Holman played exclusively for the original Celtics from 1921 to 1928 and established himself as one of the premier professional players of the era. The Celtics' owners, James A. Furey and his brother Thomas Furey, prevented players from switching teams by signing them to exclusive contracts with generous salaries for that time. Scheduling as many as 200 games in a season, the team compiled a winning percentage of .900 and became one of the first four teams voted into the Naismith Basketball Hall of Fame. After the Celtics disbanded, Holman played two more professional seasons.

His playing exploits are best exemplified by his numerous awards. He was inducted into the Naismith Memorial Hall of Fame and the Helms Hall of Fame, was named as the third greatest player of the half-century, was chosen by Sport Magazine to the All-Time College All-America second team, and was chosen for Ed Wachter's All-Pro first team in 1941. He married Ruth Jackson in 1945; she died in 1967.

Holman's CCNY teams played within a team concept—short passes, set shooting, a tenacious switching man-to-man defense, an offense revolving around several pivot plays, and continual movement without the ball. This style of play led to several outstanding seasons, including 1923 (12–1), 1924 (12–1), 1932 (16–1), 1933 (13–1), and 1934 (14–1), and an overall record of 422 wins and 188 losses (.692). Of course the 1950–1951 team, the only team to win the National Invitational Tournament (NIT) and the National Collegiate Athletic Association (NCAA) Tournament in the same season, was Holman's best because it was number one in the country. But during the 1951–1952 season events began to unfold that washed away most of the luster garnered by the "grand slam" team. Seven team members had been doing business with gamblers, and CCNY was heavily implicated in the first major gambling scandal in college basketball's history.

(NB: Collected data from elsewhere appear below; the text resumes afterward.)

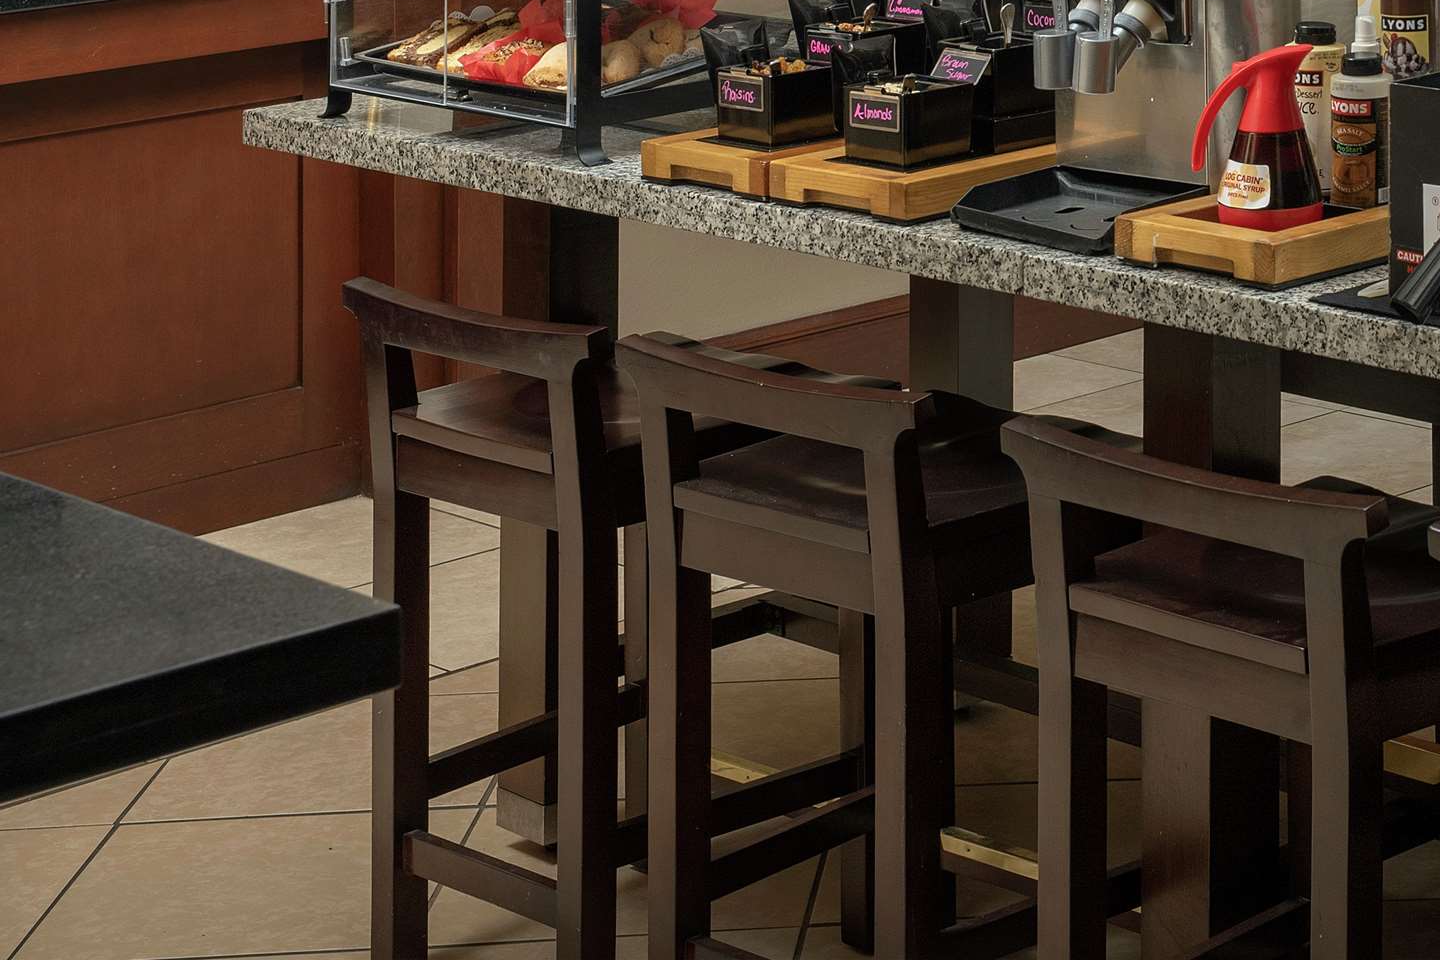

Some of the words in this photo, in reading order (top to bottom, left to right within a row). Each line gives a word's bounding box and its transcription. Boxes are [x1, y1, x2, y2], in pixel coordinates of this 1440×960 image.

[1027, 9, 1056, 27] Cocon
[1382, 19, 1425, 30] LYONS
[854, 102, 893, 121] Almonds
[1331, 100, 1368, 114] LYONS
[1397, 250, 1424, 262] CAUTI

Despite Holman's self-serving pronouncements of innocence after the scandals were exposed, a thorough investigation by the governing body of public colleges in New York City uncovered a number of athletic abuses in the CCNY program. These included forging of transcripts, matriculation of unqualified students, failure by Holman to report to higher authorities an incidence of a bribe attempt, and Holman's sanctioning of an exhibition basketball trip by CCNY players to South America, where they received a kickback from local promoters. Holman was also excoriated by Judge Saul S. Streit, who believed the pronouncements by Holman and other coaches of their naïveté regarding illegal gambling on college basketball "was comical." Holman was dismissed by the New York City Board of Higher Education, but he appealed the decision to the New York State commissioner of education, who rescinded the board's action and reinstated Holman as the CCNY head coach for the 1954–1955 season. After retiring in 1960, Holman continued to operate his basketball camp and promoted basketball in Israel. He granted interviews to writers selectively because of his reluctance to discuss the 1951 scandal.

Holman's two books, Scientific Basketball (1922) and Holman on Basketball (1950), are primarily treatises on his coaching strategies. Three of the best sources describing Holman's career as a basketball player are Bernard Postal, Jesse Silver, and Roy Silver, Encyclopedia of Jews in Sports (1955); Robert W. Peterson, Cages to Jump Shots: Pro Basketball's Early Years (1990); and Murray Nelson, The Original Celtics: The New York Celtics Invent Modern Basketball (1999). Holman's role in the 1951 scandals is objectively recounted in Charles Rosen, Scandals of '51: How the Gamblers Almost Killed College Basketball (1979); Stanley Cohen, The Game They Played (1977); and Albert Figone, "Gambling and College Basketball: The Scandal of 1951," Journal of Sport History 16, no. 1 (spring 1989). An obituary is in the New York Times (13 Feb. 1995).